Epipogium aphyllum, the ghost orchid (not to be confused with the American ghost orchid, Dendrophylax lindenii) is a hardy myco-heterotrophic orchid lacking chlorophyll.

It is famous for its unpredictable appearance; in many localities it has been seen just once. It is found in beech, oak, pine and spruce forests on base-rich soils. It is a rare and critically endangered plant in habitat, and is believed to be extinct throughout much of its former range, although it has been recently confirmed in the United Kingdom (2009), an area where the plants were believed to have gone extinct.

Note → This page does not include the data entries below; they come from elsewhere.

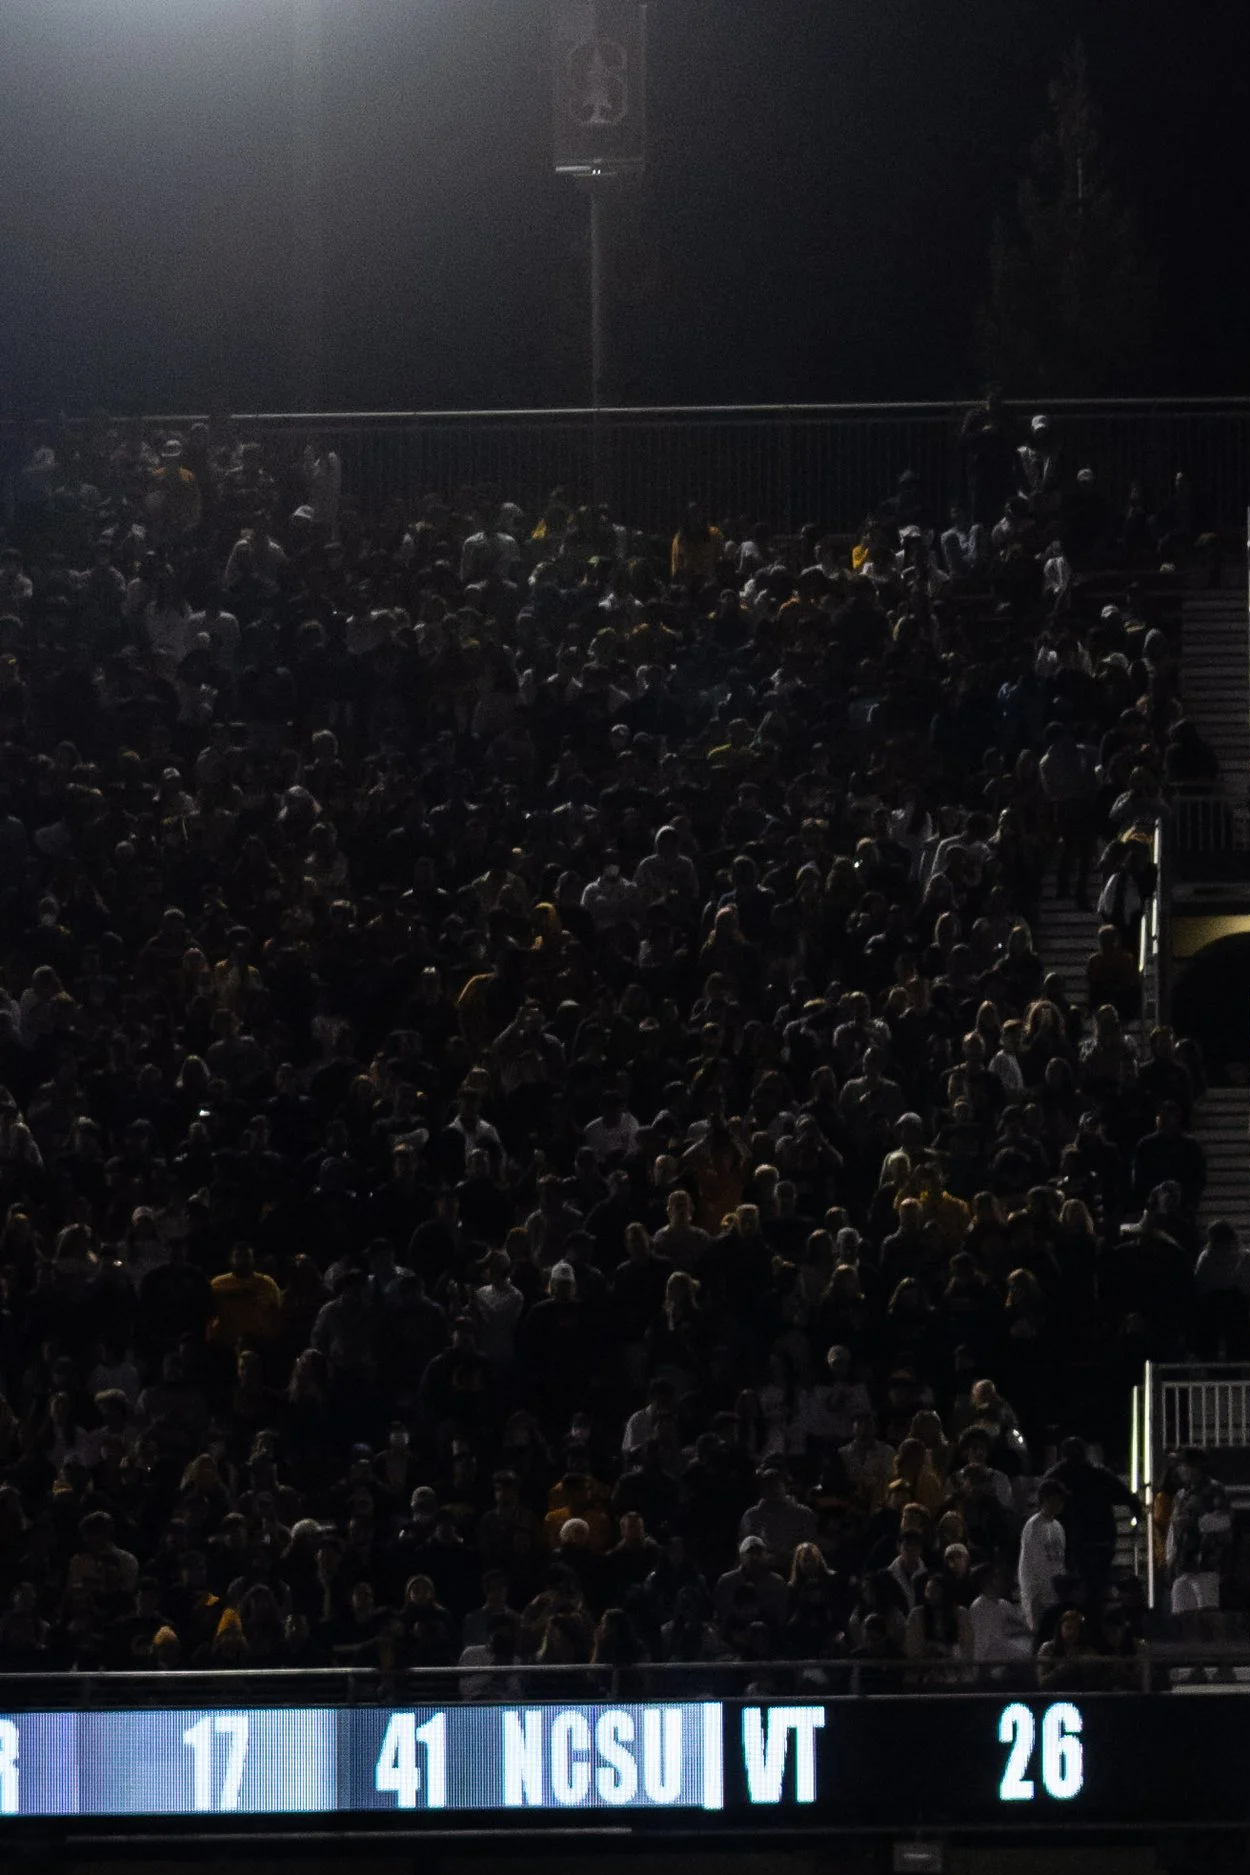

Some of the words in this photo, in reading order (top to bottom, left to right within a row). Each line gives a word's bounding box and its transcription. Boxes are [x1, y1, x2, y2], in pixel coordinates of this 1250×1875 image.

[183, 1714, 249, 1810] 17
[376, 1713, 446, 1806] 41
[503, 1707, 683, 1805] NCSU
[745, 1707, 824, 1801] VT
[1000, 1704, 1082, 1798] 26
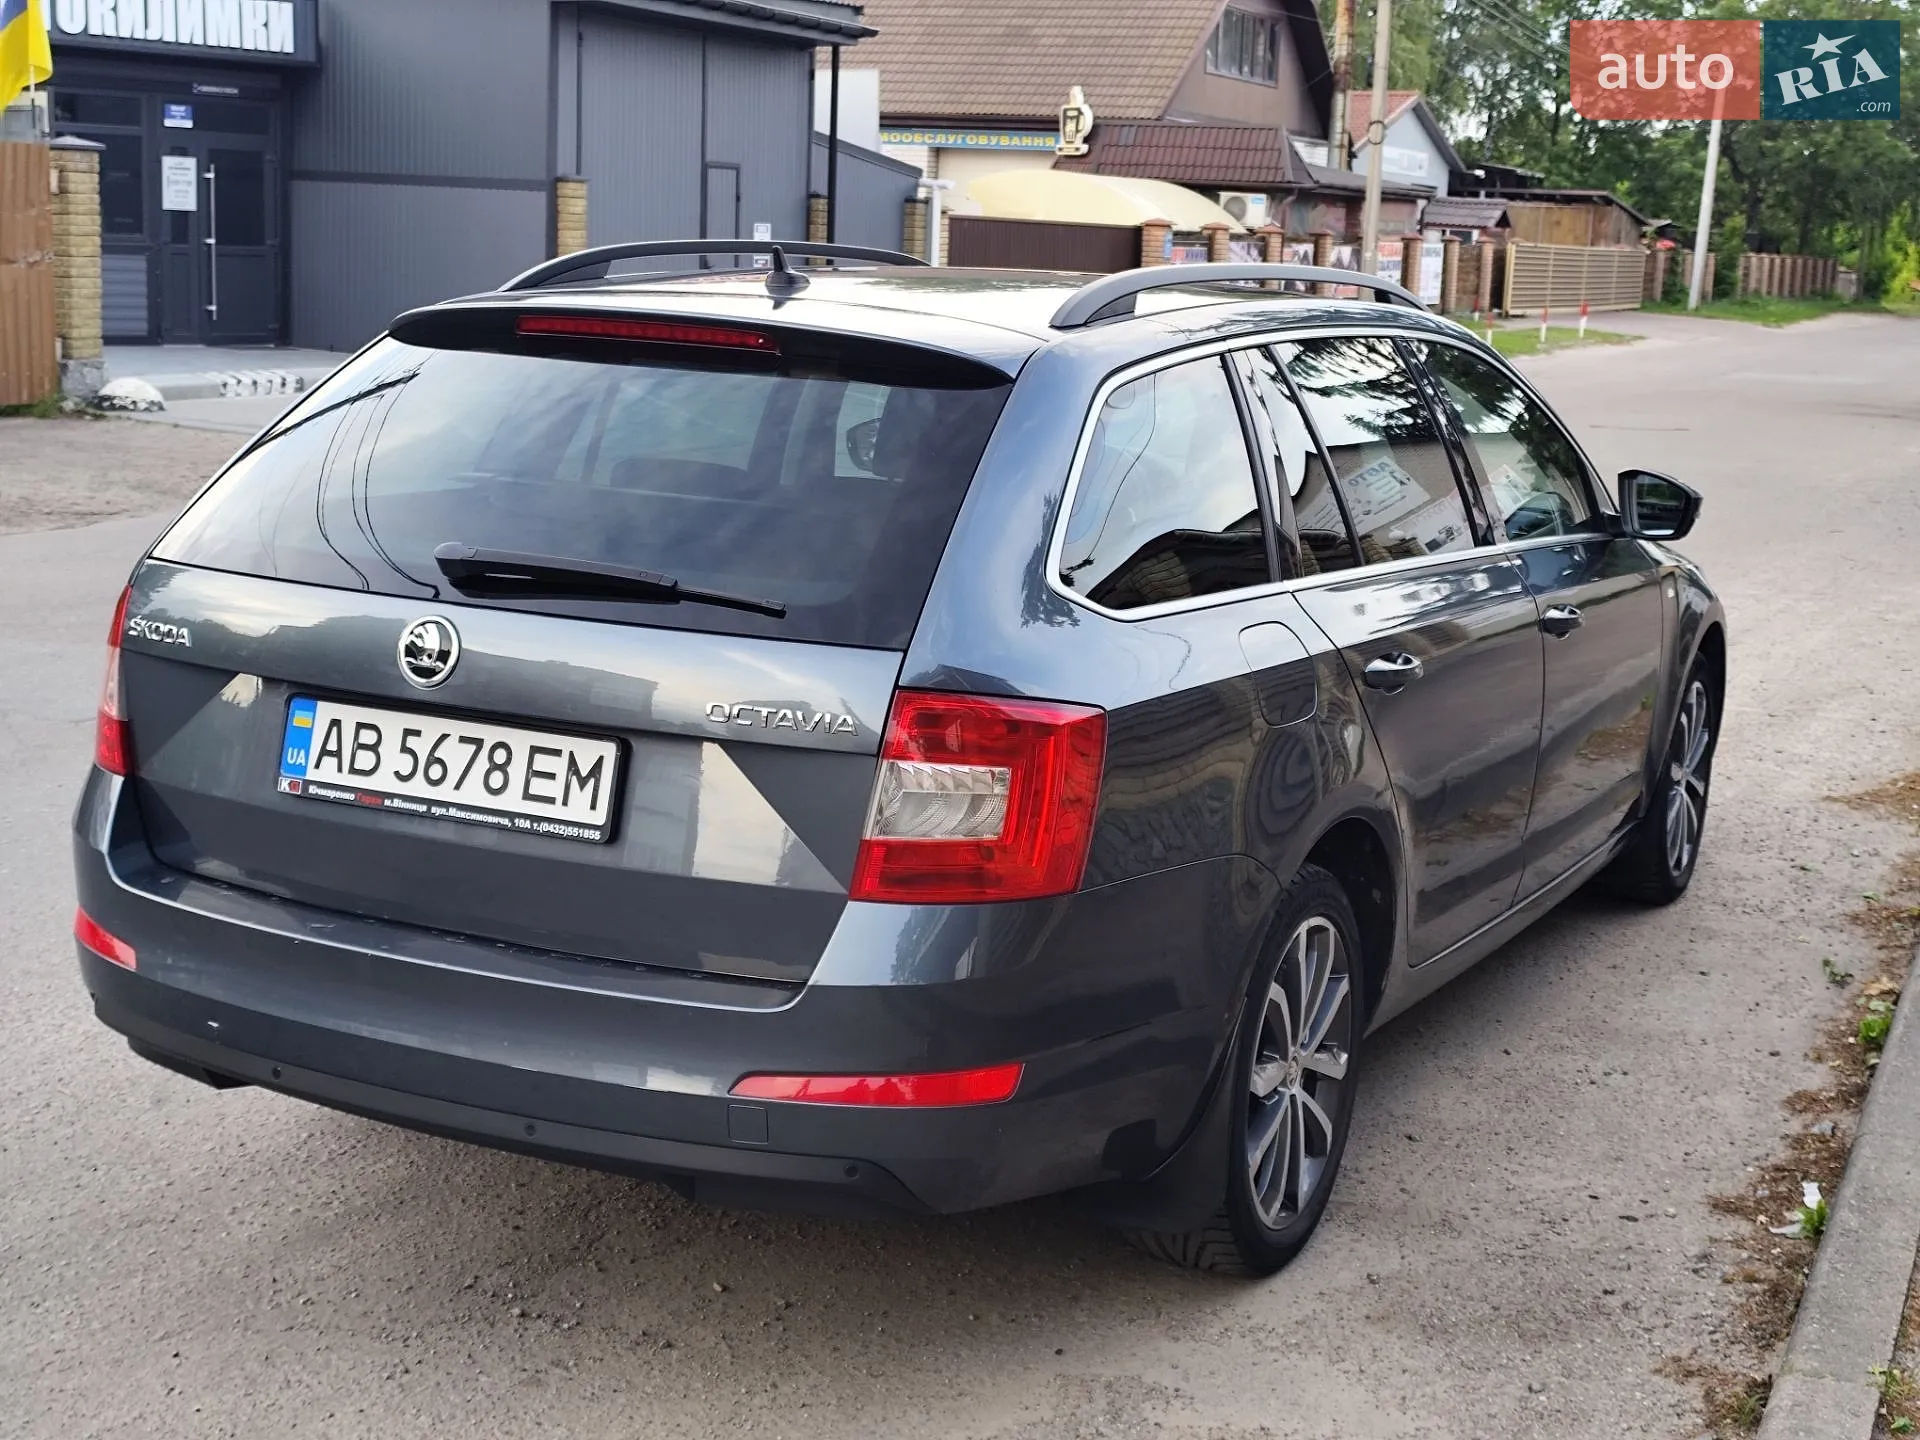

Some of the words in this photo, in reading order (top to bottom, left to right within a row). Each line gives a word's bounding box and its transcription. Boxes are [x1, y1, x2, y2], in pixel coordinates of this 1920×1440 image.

[45, 0, 295, 53] ОКИЛИМКИ
[705, 702, 859, 736] OCTAVIA
[287, 747, 307, 767] UA
[313, 718, 382, 777] AB
[393, 728, 513, 796] 5678
[521, 744, 605, 811] EM
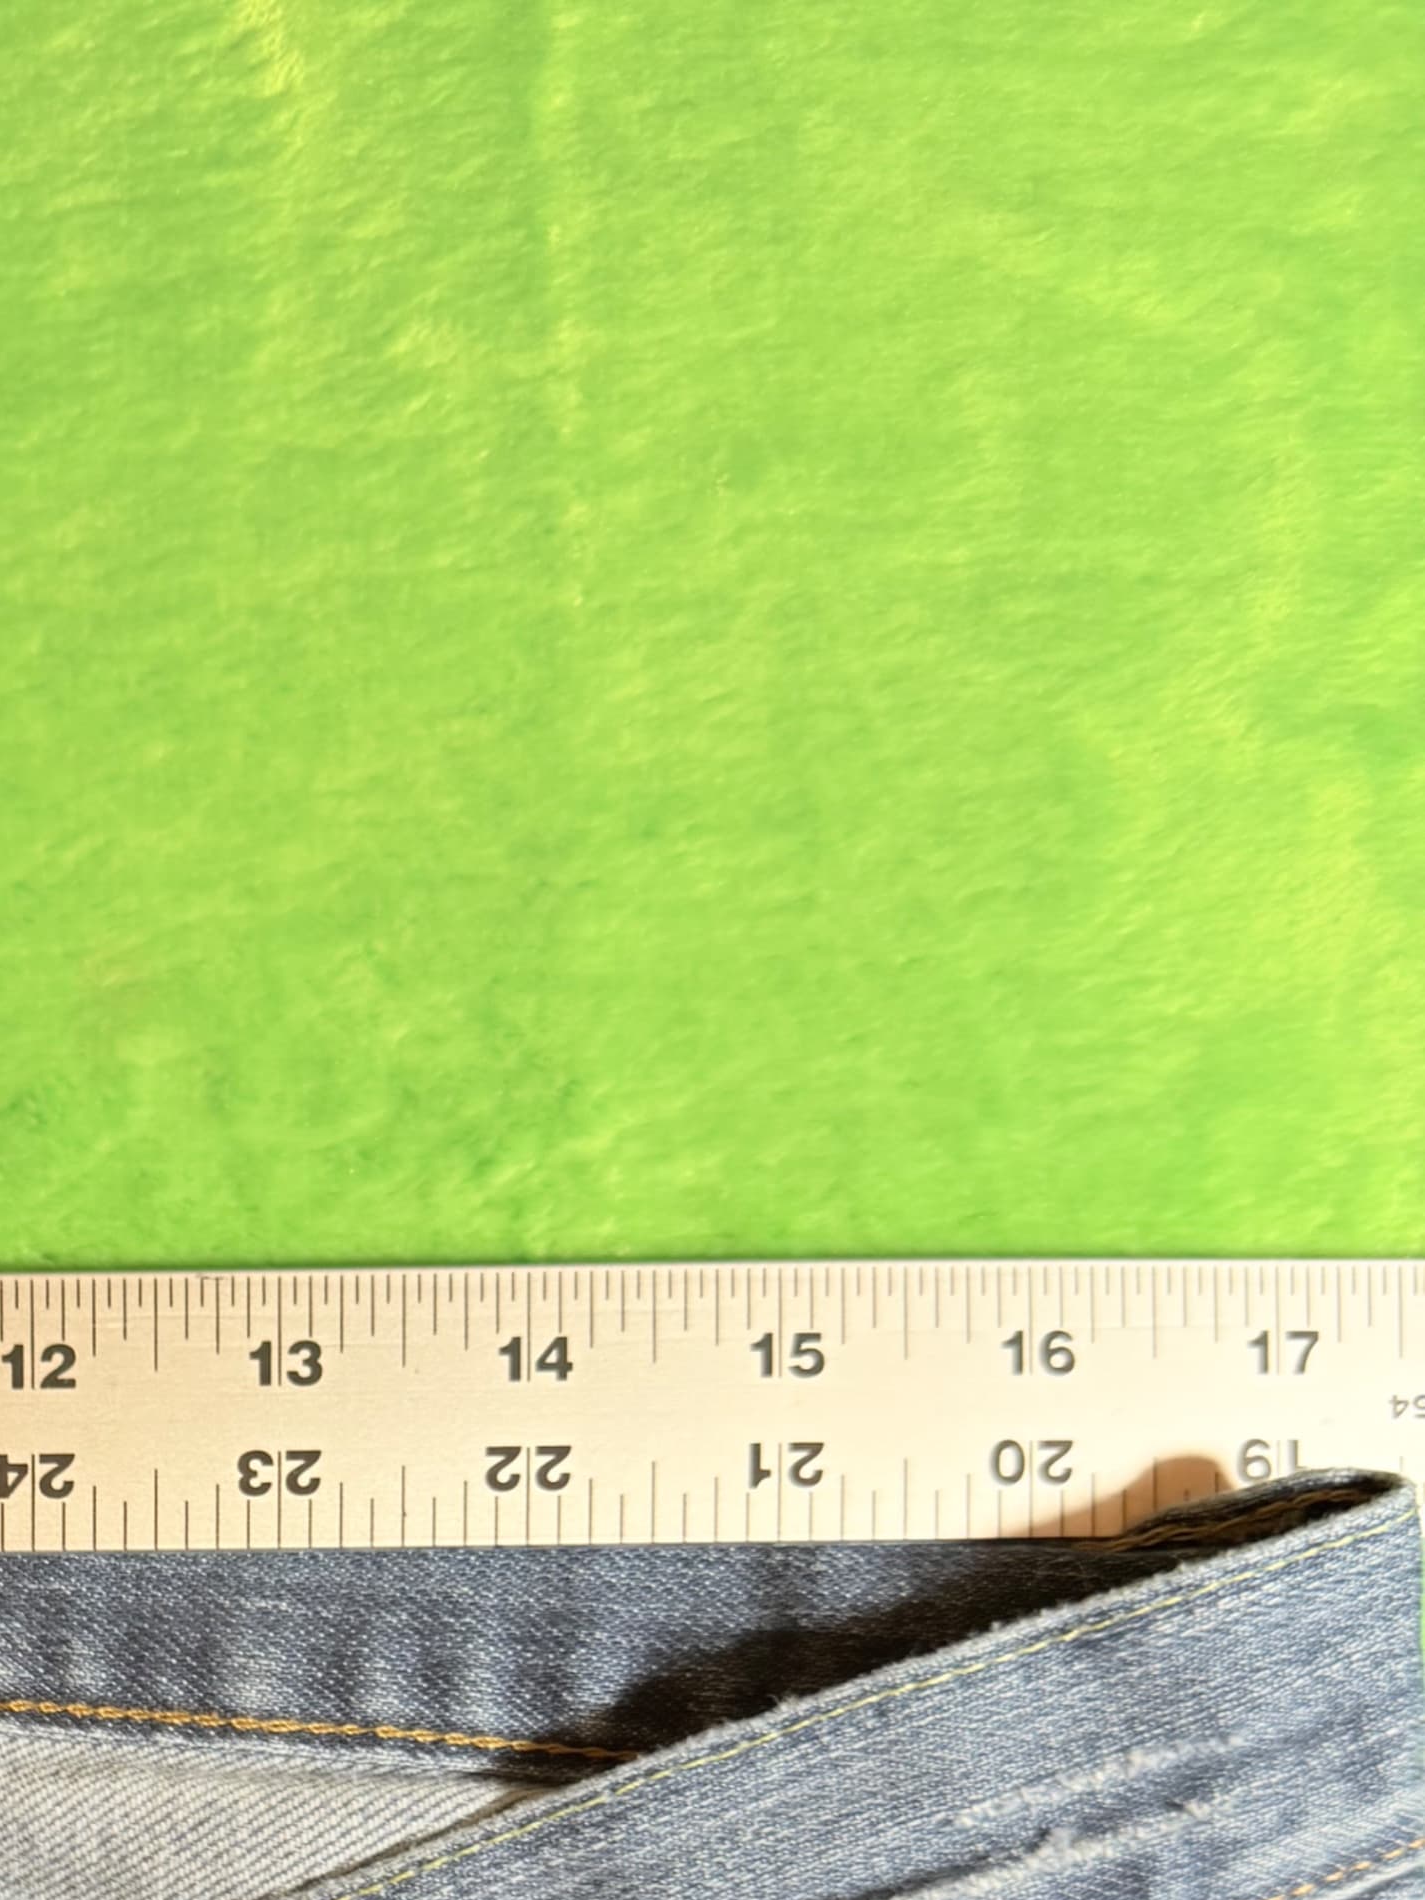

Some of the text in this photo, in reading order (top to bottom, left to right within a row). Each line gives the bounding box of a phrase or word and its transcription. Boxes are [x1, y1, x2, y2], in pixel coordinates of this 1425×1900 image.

The plants are protected in many locales, and removing the plants from habitat or disturbing the plants, even for scientific study, can be a very serious matter in many jurisdictions. These plants are exceptionally rare and should never be removed from habitat or disturbed.

In 1926 the Welsh botanist Eleanor Vachell was asked by the British Museum to investigate a report of the ghost orchid in England. For many years the Welsh National Herbarium at Amgueddfa Cymru (National Museum of Wales) had only a small rhizome that had been gathered by Vachell on 29 May 1926.

Biology

Once thought to be saprophytic, these hardy plants are actually obligate mycoheterotrophs (or epiparasites) that obtain nutrients from mycorrhizal networks involving basidiomycete fungi that are in turn associated with the roots of various species of coniferous trees. They grow from an underground, burrowing stem which lacks chlorophyll and possesses ephemeral leaves that are small scales. The plants only emerge above ground to flower, especially during very wet summers in Western Europe.

The plants have an extremely wide range of distribution. The species is widespread across much of Europe and northern Asia from Spain to Kamchatka and south the Himalayas. It is, however, exceptionally rare in habitat. The plants are all found in areas which typically experience cold winters. The plant's rhizomes are densely colonized by fungi bearing clamp-connections and dolipores, all basidiomycetes, gill or pore-forming mushroom species that are normally found growing in mycorrhizal association with the roots of coniferous trees.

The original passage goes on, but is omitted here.